The issue of unbalanced designs, and the resulting effects on calculations of the ANOVA, require that you understand something about different ways of computing so-called **sums of squares**. Remember that we encountered the idea of sums of squares in our earlier discussions of ways of computing the error associated with full versus restricted models. Part of the traditional ANOVA calculations involve computing the sums of squares for each omnibus test in an experimental design (the SS usually appears in the first column of numbers in a traditional ANOVA output table).
There are three common ways that sums of squares are computed, and they are known as Type-I, Type-II and Type-III sums of squares. You should read Maxwell and Delaney for a detailed discussion of the ways that these differ ... but there are three things you need to know, as a bottom line. First, the recommended sums of squares are the Type-III sums of squares. Second, the way that R computes sums of squares by default, is Type-I sums of squares. Third, Type-I and Type-III sums of squares for omnibus effects (main effects and interactions) will only differ when you have an unbalanced design. We won't go into the details of this here, please read the text.
When your design is balanced (same number of subjects in each cell of your experimental design), then you don't have to worry, just proceed as usual. When however you have an unbalanced design, you have to do something special in `R` to force it to compute the ANOVA using Type-III sums of squares. There are **two ways** of doing this.

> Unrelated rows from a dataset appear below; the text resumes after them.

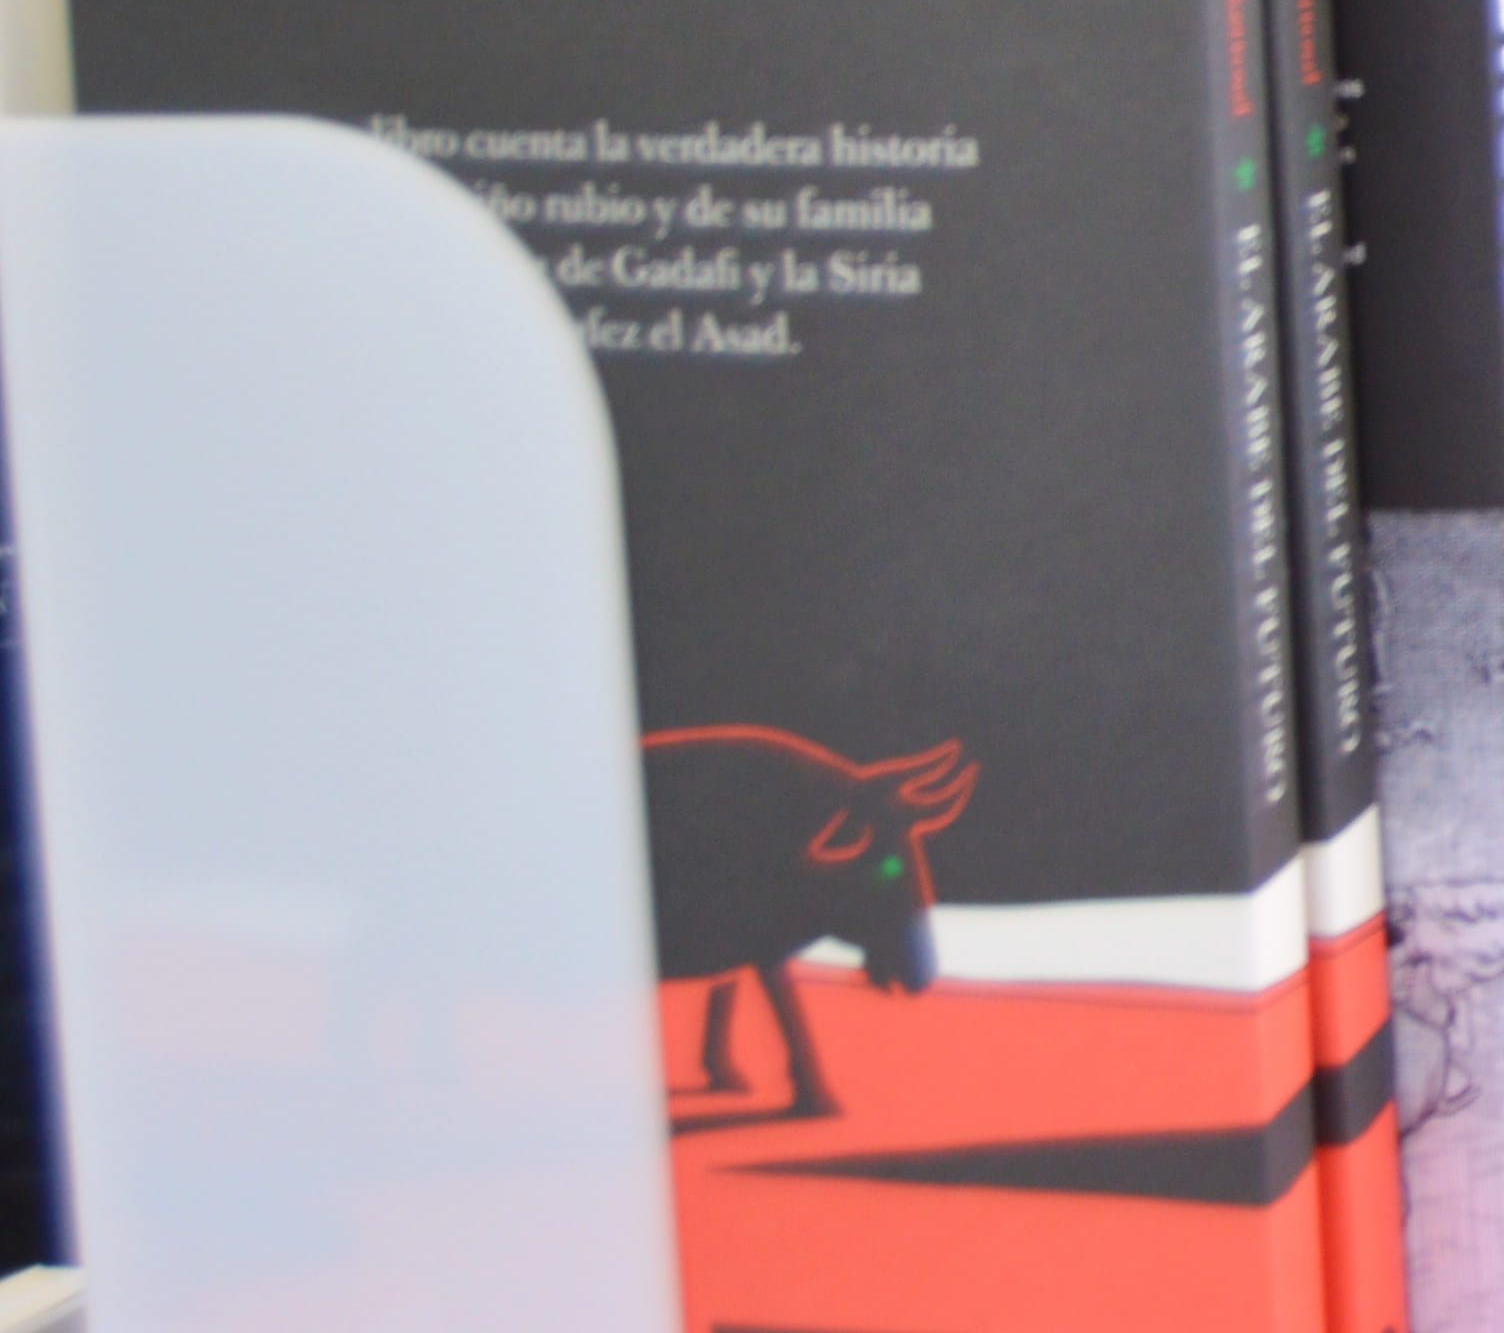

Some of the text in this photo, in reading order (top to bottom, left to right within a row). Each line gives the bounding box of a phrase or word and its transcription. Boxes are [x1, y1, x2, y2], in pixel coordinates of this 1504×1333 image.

[465, 128, 587, 162] cuenta
[595, 119, 628, 162] la
[638, 122, 821, 167] verdadera
[830, 123, 979, 168] historia
[543, 182, 932, 239] rubio y de su familia
[557, 244, 922, 304] de Gadafi y la Siria
[647, 311, 801, 356] el Asad.
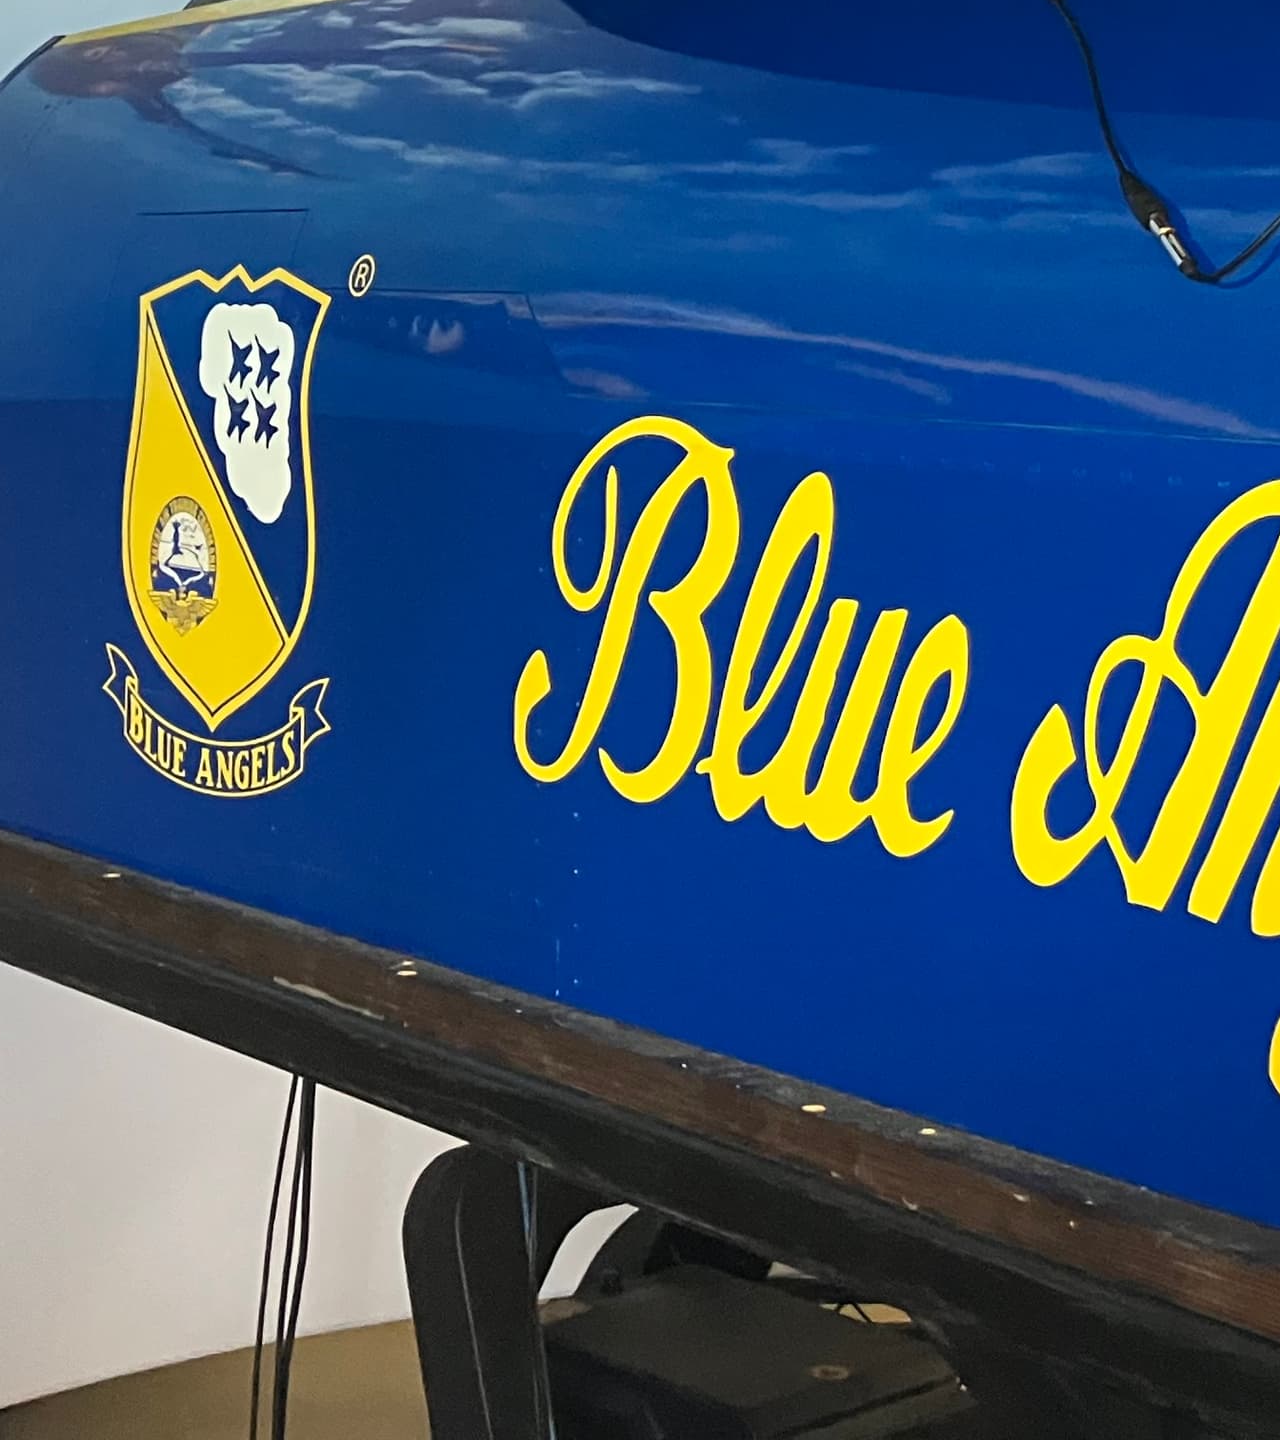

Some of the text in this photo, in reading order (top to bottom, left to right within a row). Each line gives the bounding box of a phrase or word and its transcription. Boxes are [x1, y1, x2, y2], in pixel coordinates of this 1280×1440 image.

[128, 704, 296, 790] BLUE ANGELS
[516, 417, 969, 857] Blue

The first way is to use the `drop1()` command following the usual `aov()` function:
```{r}
myanova <- aov(bloodpressure ~ biofeedback*drug)
drop1(myanova, . ~ ., test="F")
```
The results are the same as before because this design is balanced ... this is just a demo of how to do it IF the design was unbalanced. The `drop1()` command performs F-tests of the full model versus restricted models, where the restricted models are constructed by removing each term in the full model, one at a time. By default, `R` doesn't compute the ANOVA this way, but computes the Type-I sums of squares, which involves incrementally **adding** terms to the restricted model. When the design is balanced, they are both valid and produce the same results. When the design is unbalanced, the Type-I method produces something strange and not useful (see Maxwell & Delaney for an explanation of why Type-I sums of squares are strange and not useful).
Important: `R` will not warn you that you have an unbalanced design --- it will go ahead and compute the Type-I sums of squares and report the results to you. It's your responsibility to know what procedure you're applying to your data, and to ensure that it's the correct one.
The second method is to use the `Anova()` function in the `car` package. First install the package on your computer---in `R`, type: `install.packages("car")`. Then:
```{r}
library(car)
Anova(myanova, type="III")
```
We will be using the `Anova()` function later in the course for repeated-measures designs, so you may as well install it now.
Again, please read the chapter in Maxwell & Delaney for the full details about the difference between Type-I, Type-II and Type-III sums of squares and how they relate to unbalanced designs.